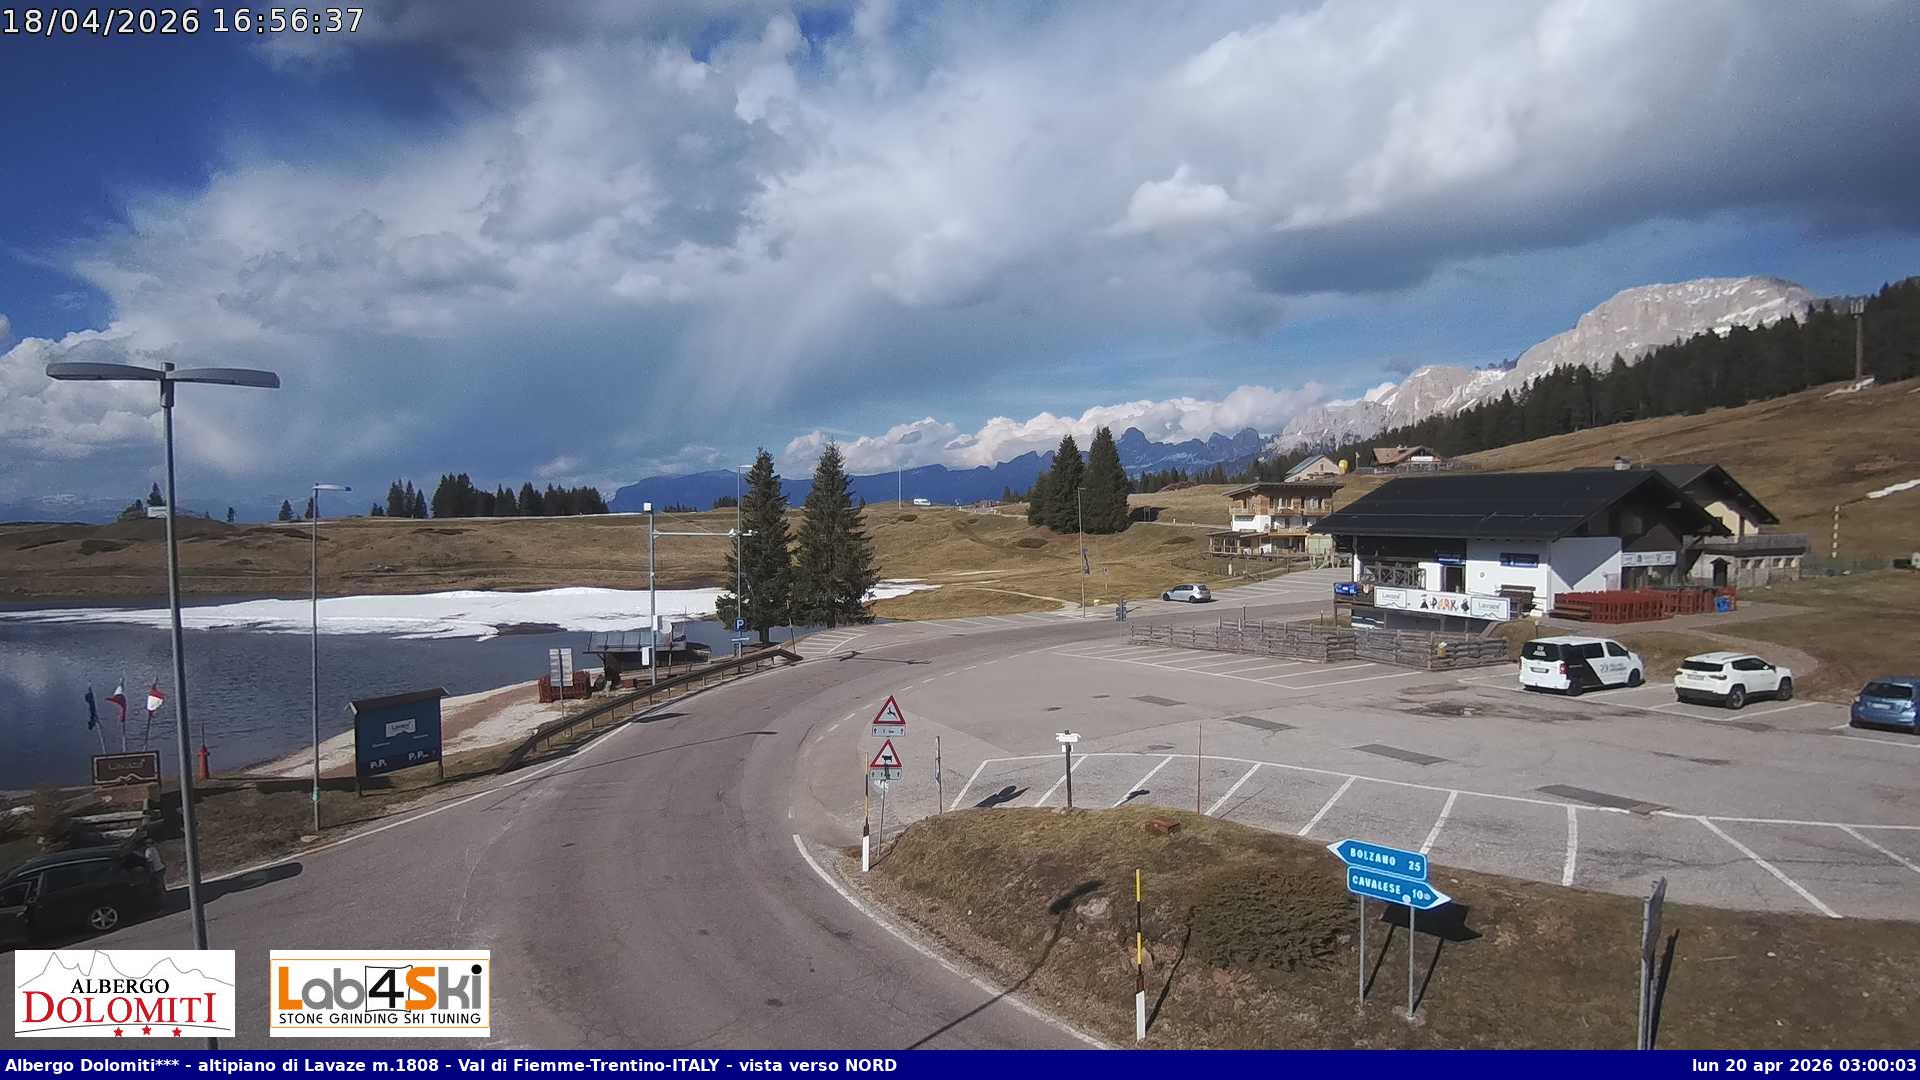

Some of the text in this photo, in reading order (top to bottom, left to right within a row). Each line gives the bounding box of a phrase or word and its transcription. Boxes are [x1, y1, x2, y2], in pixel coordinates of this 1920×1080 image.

[736, 619, 744, 629] P
[1350, 848, 1421, 872] BOLZANO 25
[1352, 875, 1401, 895] CAVALESE
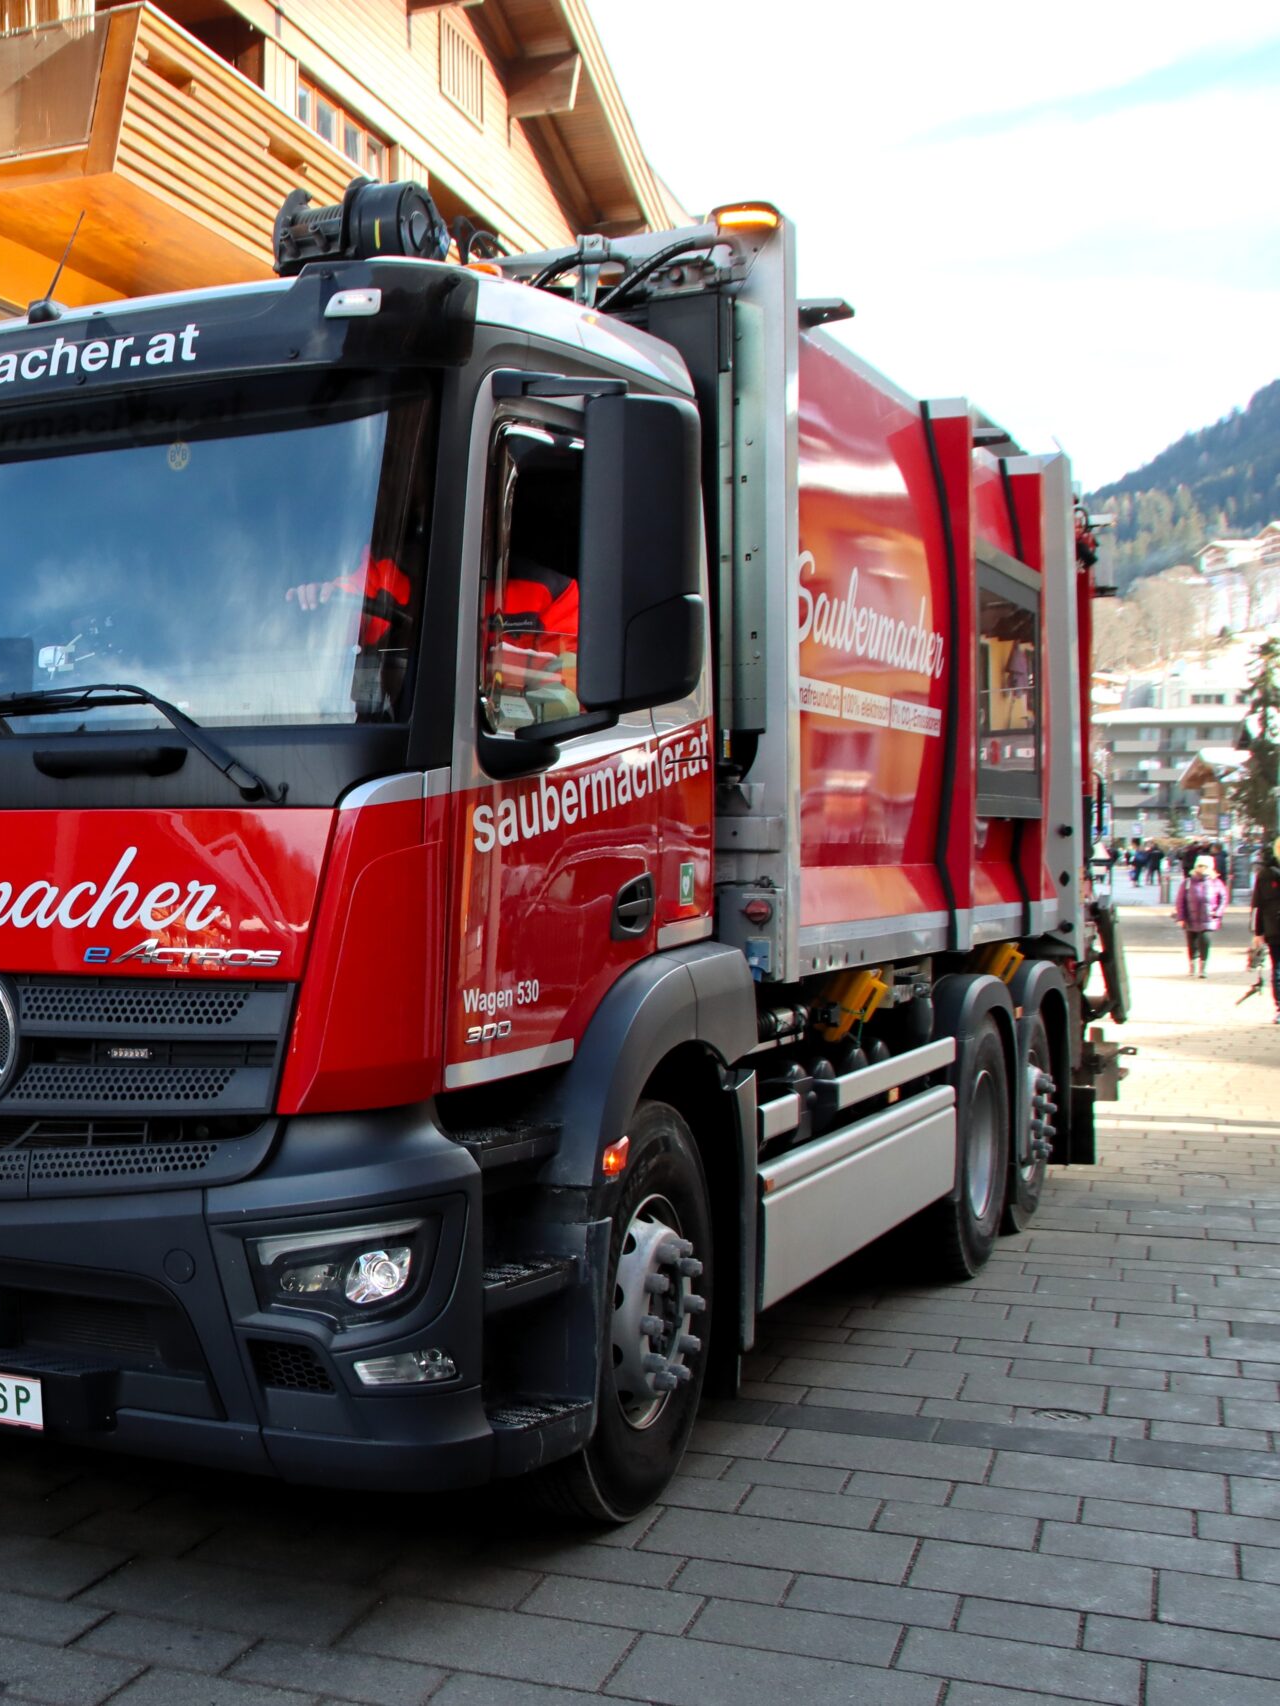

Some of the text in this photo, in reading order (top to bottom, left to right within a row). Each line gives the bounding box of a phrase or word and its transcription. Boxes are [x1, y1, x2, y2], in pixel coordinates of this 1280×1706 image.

◆ ◆ ◆

**PROBLEM TO WORK ON**
Could you retype the whole listing word for word, minus its pictures?

**RESULT OF THE EXERCISE**
Some of the text in this photo, in reading order (top to bottom, left to right within a row). Each line gives the bounding box of a phrase or word and its transcription. Boxes are [x1, y1, x2, y2], in pixel coordinates of this 1920×1080 image.

[736, 619, 744, 629] P
[1350, 848, 1421, 872] BOLZANO 25
[1352, 875, 1401, 895] CAVALESE

Some of the text in this photo, in reading order (top to bottom, left to right within a row). Each line gives the bounding box of a phrase or word and its transcription. Boxes are [x1, y1, x2, y2], in pixel coordinates of this 1280×1706 image.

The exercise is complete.